Deal-hungry Pfizer reportedly made a (failed) run at Teva. Who's next?

Two burning questions about Pfizer ($PFE) since the company backed off its ill-fated offer for AstraZeneca ($AZN) last May: Will the U.S.-based drug giant make another swoop at AstraZeneca? If not, who will Pfizer try to buy?

So far, no action on the former, but plenty of talk about the latter. Pfizer is said to have gone after Actavis ($ACT) before that company scored a deal for Allergan ($AGN), for instance. Now, the word is that Pfizer also made a foray toward Actavis rival Teva Pharmaceutical Industries ($TEVA).

No such luck on that one, either, Bloomberg reports; Teva stiff-armed Pfizer from the get-go.  
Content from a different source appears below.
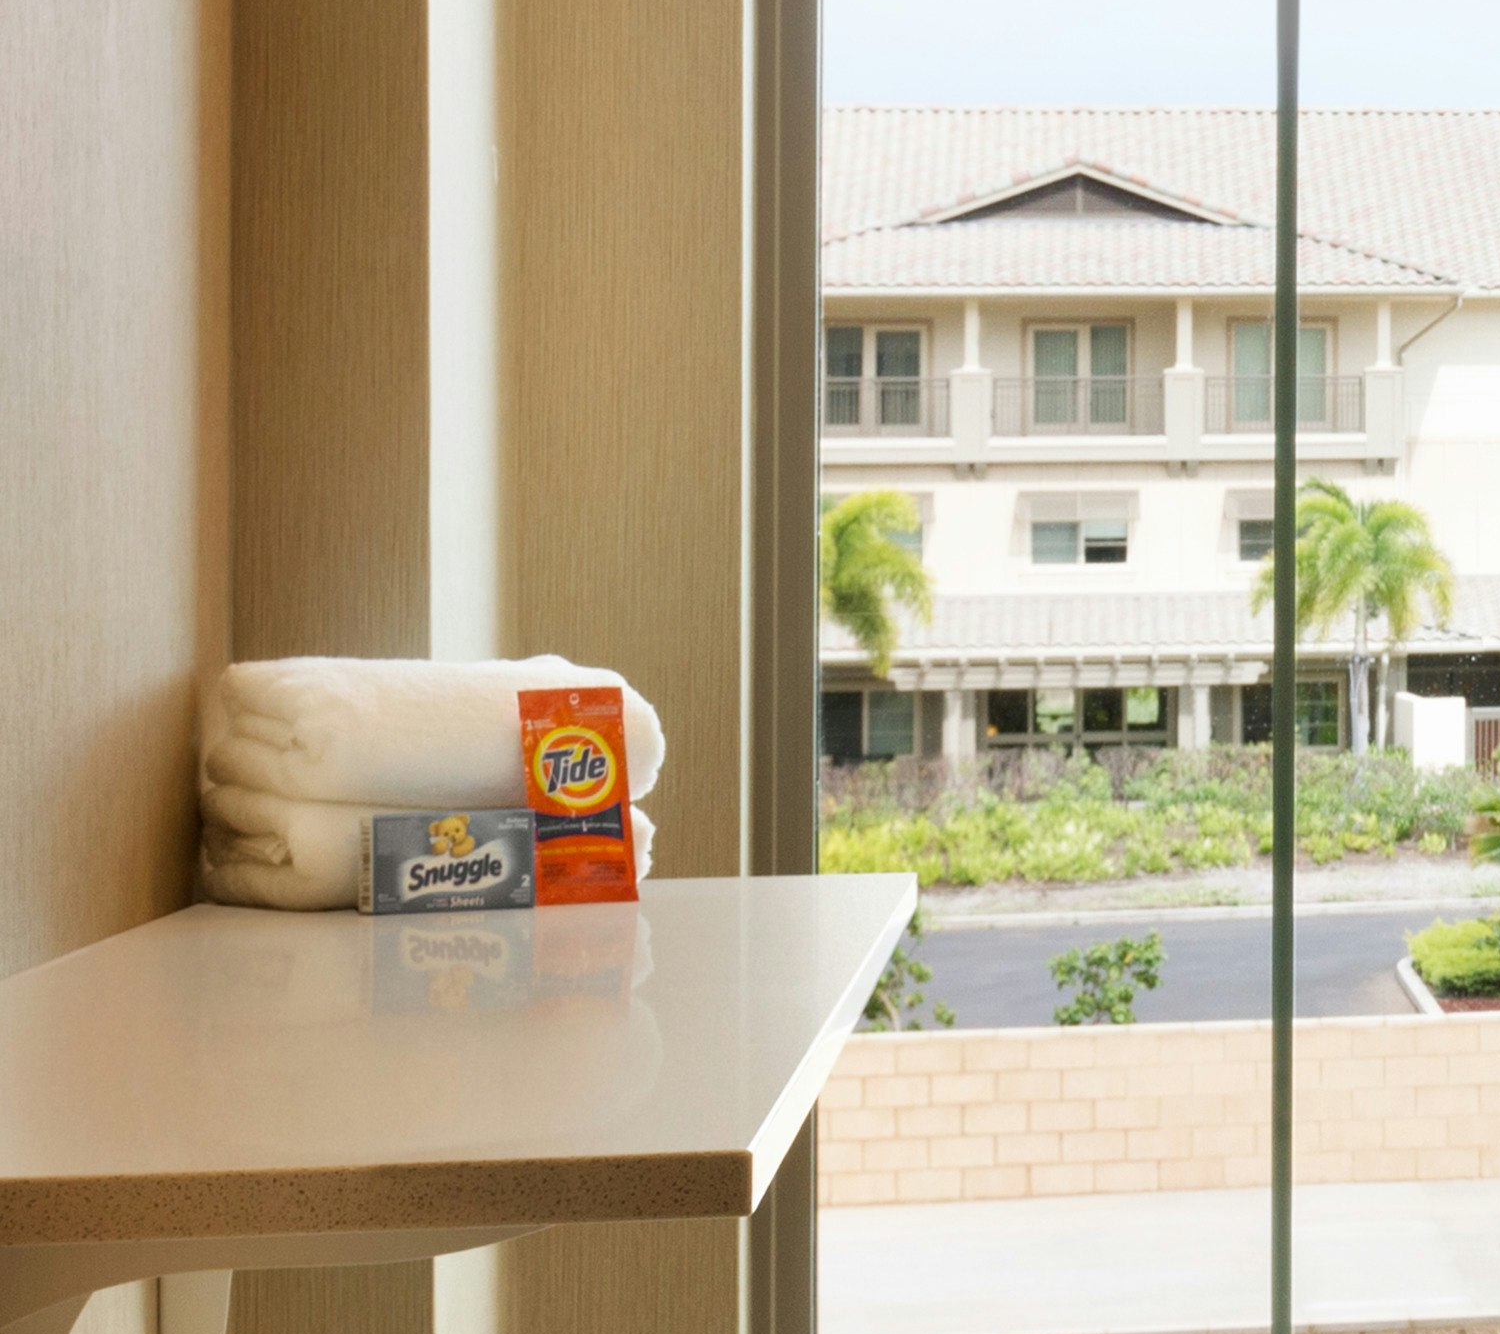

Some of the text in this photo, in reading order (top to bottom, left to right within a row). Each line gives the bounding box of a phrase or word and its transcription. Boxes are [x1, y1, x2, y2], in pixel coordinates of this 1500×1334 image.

[541, 746, 607, 795] Tide
[408, 853, 503, 892] Snuggle
[521, 875, 531, 887] 2
[450, 895, 485, 908] Sheets
With a $50 billion market cap, Teva is no minnow in the pharma pond, but it's a bit more than half the size of Pfizer's proposed AstraZeneca buy. Actavis stands at a $74 billion market cap as of Monday, and is estimated at a $147 billion market cap once the Allergan deal closes.
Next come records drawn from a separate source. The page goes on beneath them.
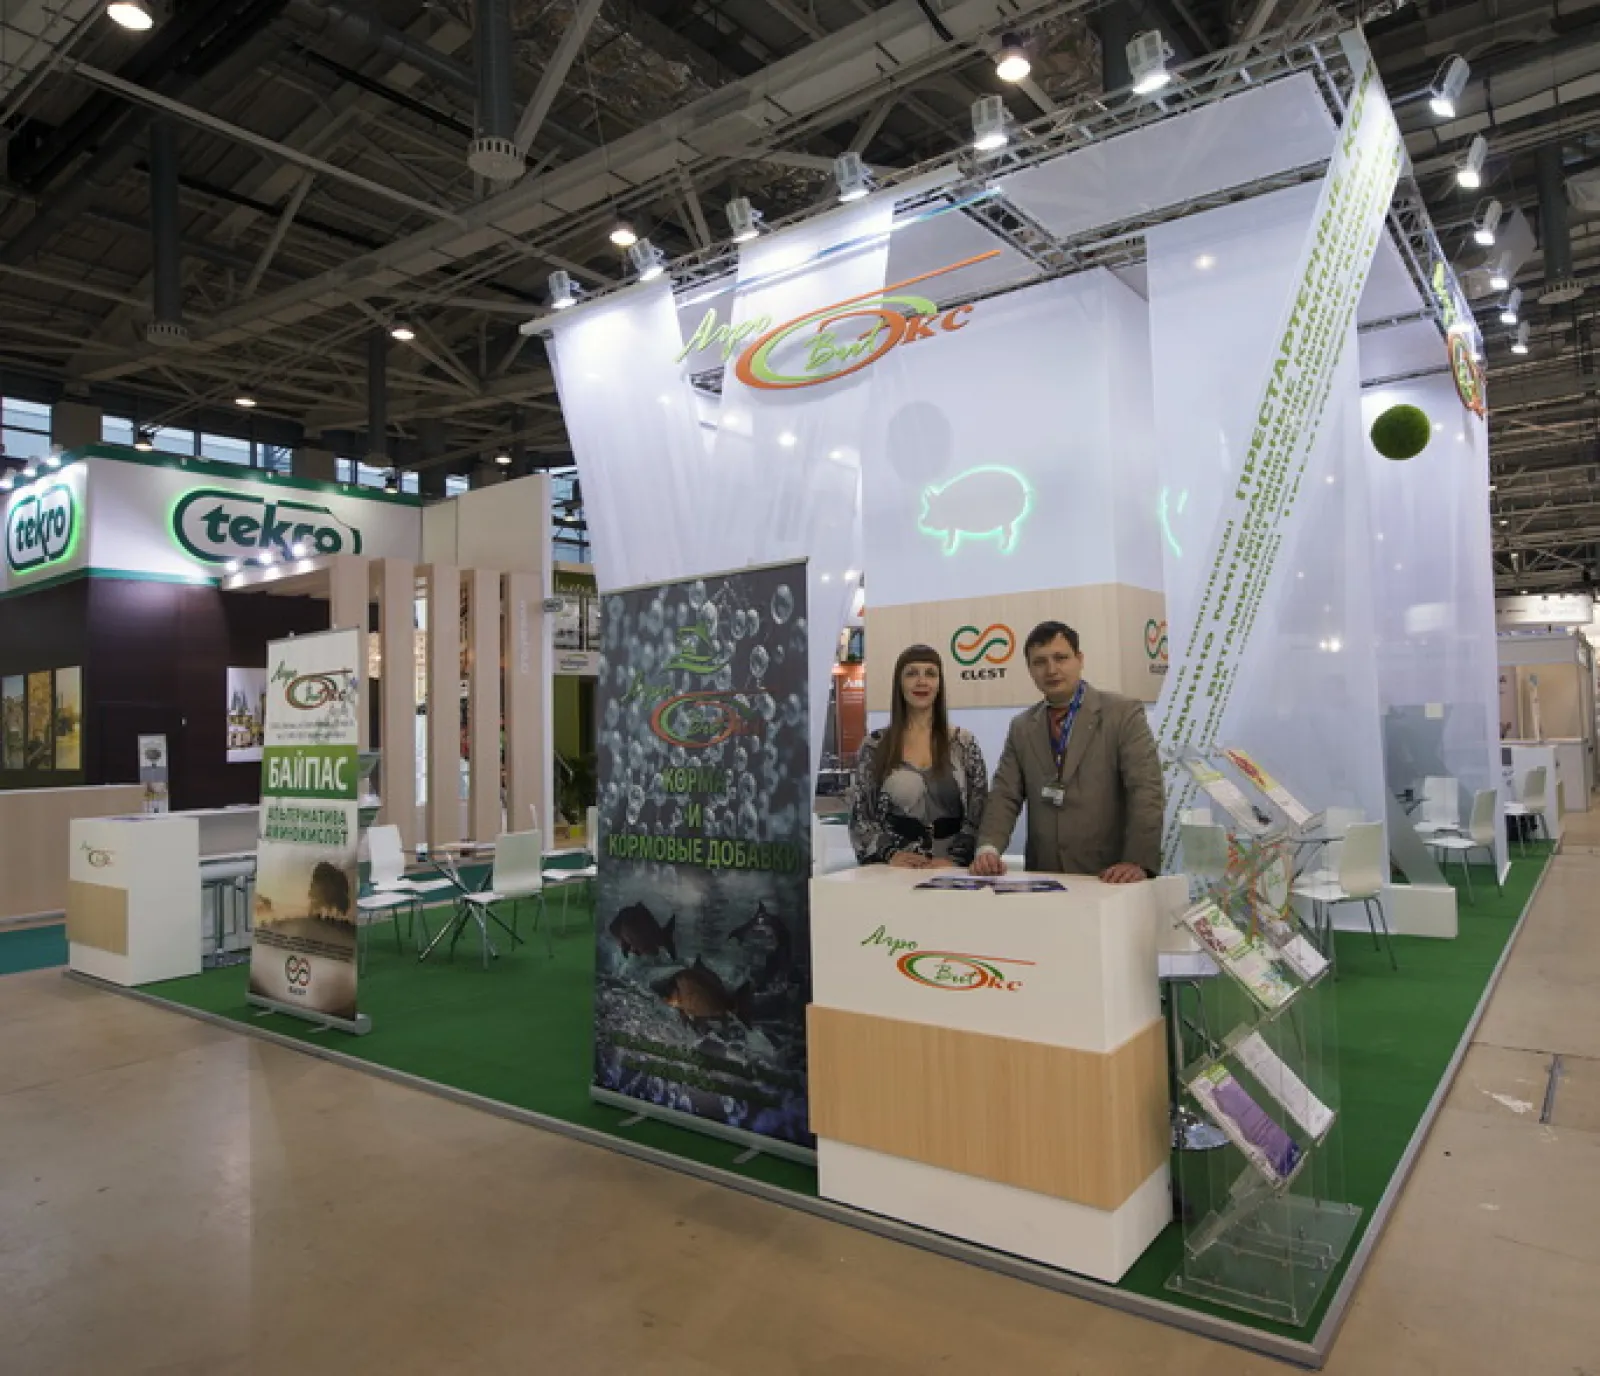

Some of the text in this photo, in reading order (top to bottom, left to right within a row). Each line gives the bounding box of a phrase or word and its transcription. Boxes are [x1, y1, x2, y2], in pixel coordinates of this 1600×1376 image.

[15, 497, 66, 555] tekro
[201, 503, 343, 557] tekro
[268, 750, 349, 790] БАЙПАС
[687, 803, 703, 828] И
[608, 832, 801, 872] КОРМОВЫЕ ДОБАВКИ
Like the pre-Allergan Actavis, Teva would give Pfizer a big boost in the generics business, which Pfizer lumps in with older brands in its "established products" unit. That's the unit analysts see as Pfizer's likely first move--or perhaps only remaining move--in its quest to slim down and refocus on pharma. The company has already sold off several businesses, including its Capsugel unit and its nutrition business. And it spun off animal health into a new company, Zoetis ($ZTS).

Pfizer CEO Ian Read

There's no question that Pfizer is looking to make a deal--or several. CEO Ian Read has said as much repeatedly. After flat sales reported for the third quarter, Read said so again. Plus, the company has a hefty stash of cash: $33 billion, by Bloomberg's count.

Analysts have tossed out a range of possibilities, including generics maker Mylan ($MYL), in third place in the business after Actavis and Teva, and Valeant Pharmaceuticals ($VRX), a serial acquirer itself. There's Cubist ($CBST), the antibiotic specialist since snapped up by Merck ($MRK). And then there's fellow Big Pharma GlaxoSmithKline ($GSK)--which might allow Read to make the tax inversion deal he intended with AstraZeneca.

Or Pfizer might make another run at Actavis, either before the Allergan deal closes--as some Wall Street traders worry--or after. Actavis CEO Brent Saunders recently called the prospect of a Pfizer offer "negligible," but he did point out that Actavis shares are "for sale every day" in the public markets.